Aim of the task: Would you repeat the entries below word for word and omit the pictures?

⁂

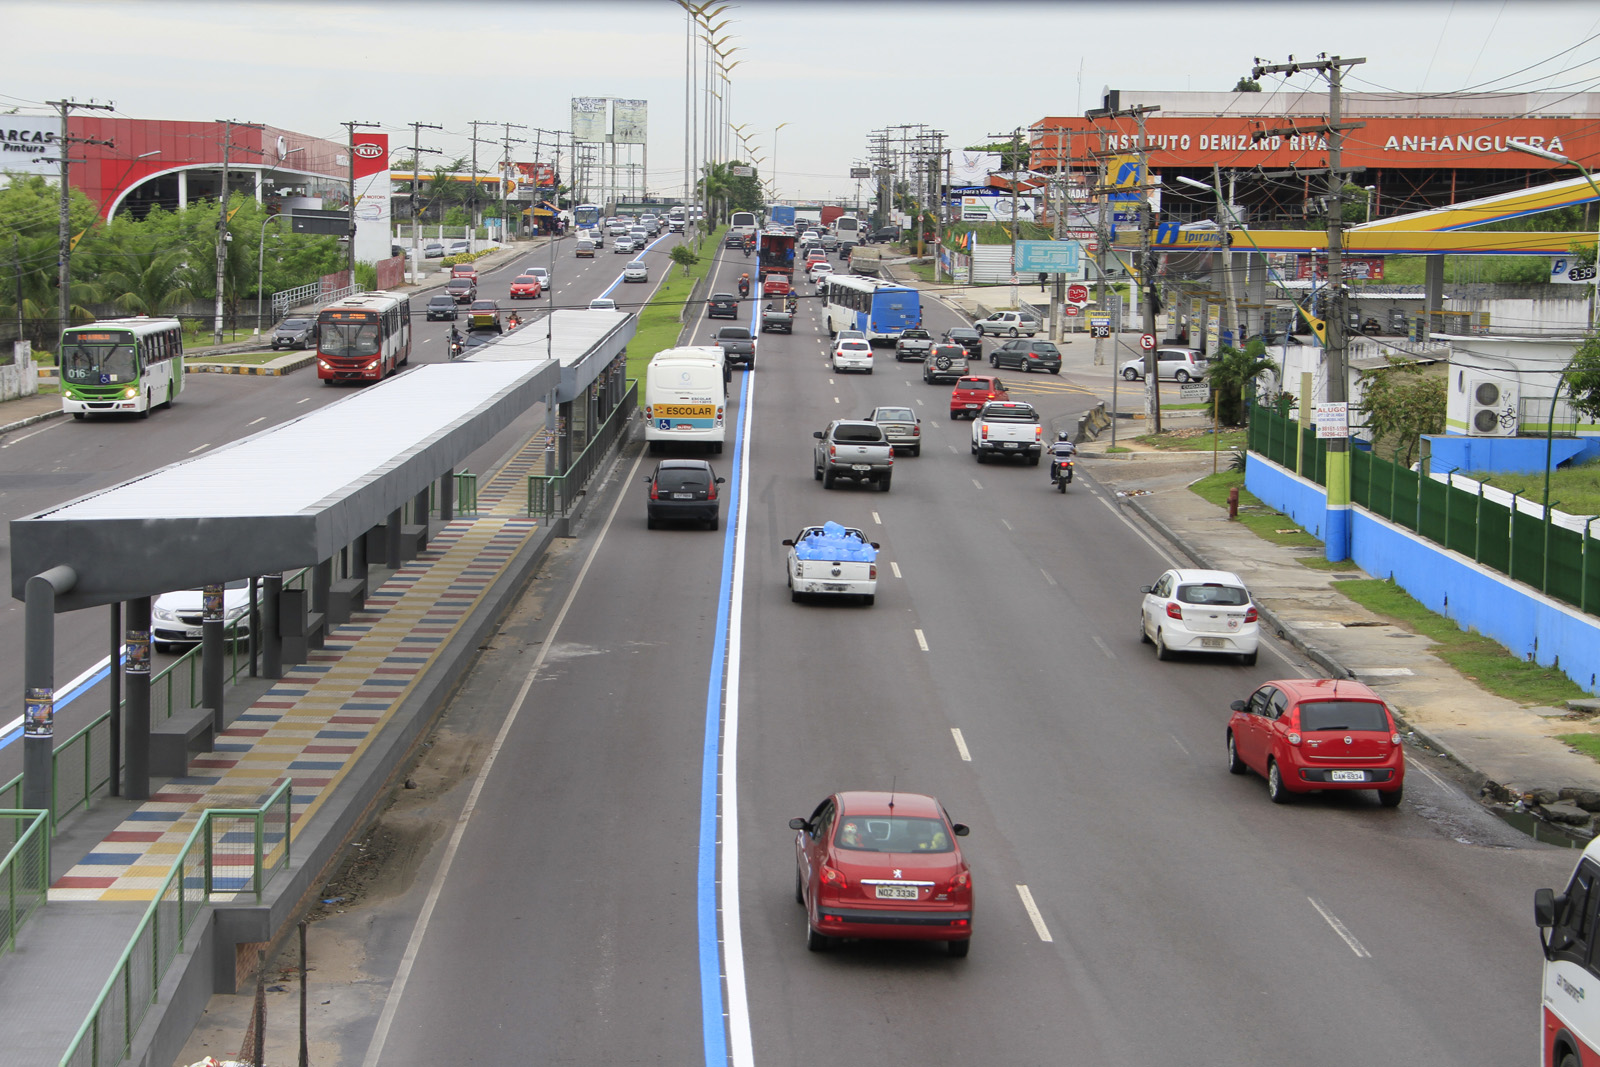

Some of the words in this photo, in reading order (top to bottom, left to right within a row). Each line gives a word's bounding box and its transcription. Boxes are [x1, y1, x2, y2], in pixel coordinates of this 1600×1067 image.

[3, 143, 45, 153] Pintura
[1199, 134, 1281, 151] DENIZARD
[1289, 135, 1343, 151] RIVA
[1384, 135, 1564, 152] ANHANGUERA
[68, 368, 86, 379] 016
[666, 407, 712, 415] ESCOLAR
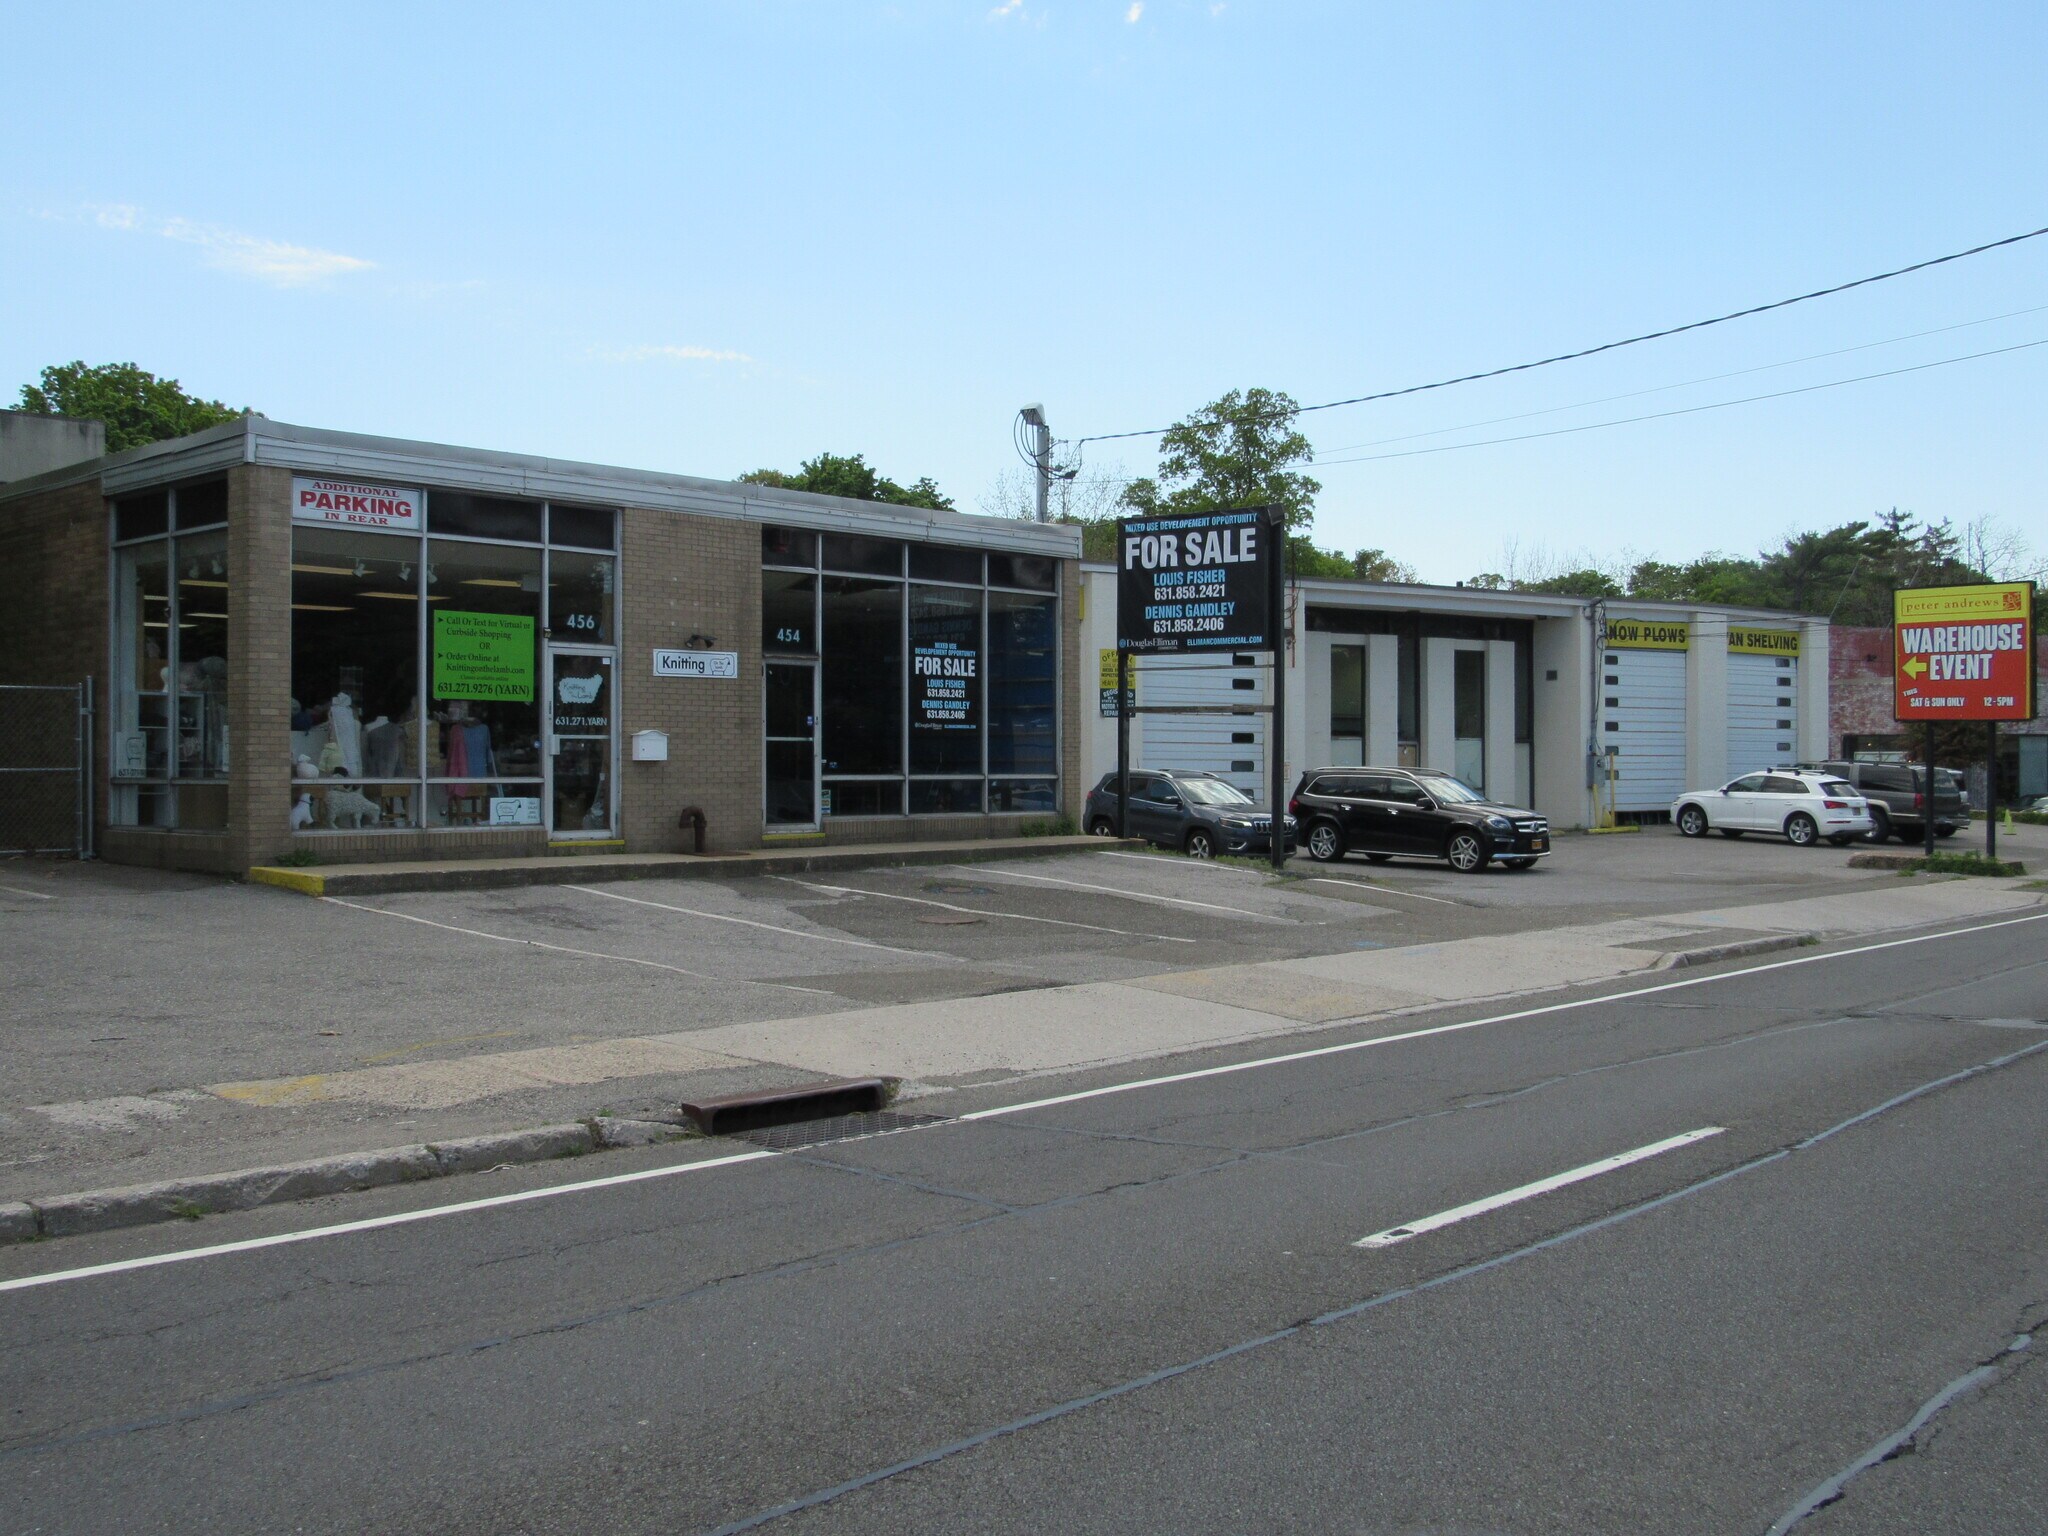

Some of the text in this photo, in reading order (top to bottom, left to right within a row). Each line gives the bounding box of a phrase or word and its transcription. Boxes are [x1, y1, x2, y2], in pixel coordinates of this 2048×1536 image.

⁂

Exercise solution:
Some of the words in this photo, in reading order (top to bottom, left to right within a row). Each line gives a word's bounding box and its transcription. Boxes are [x1, y1, x2, y2], in pixel coordinates of this 1600×1067 image.

[3, 143, 45, 153] Pintura
[1199, 134, 1281, 151] DENIZARD
[1289, 135, 1343, 151] RIVA
[1384, 135, 1564, 152] ANHANGUERA
[68, 368, 86, 379] 016
[666, 407, 712, 415] ESCOLAR

Some of the text in this photo, in reading order (top to bottom, left to right within a row). Each line gives the bounding box of a phrase or word and its transcription. Boxes are [x1, y1, x2, y2], in pixel coordinates of this 2048×1536 image.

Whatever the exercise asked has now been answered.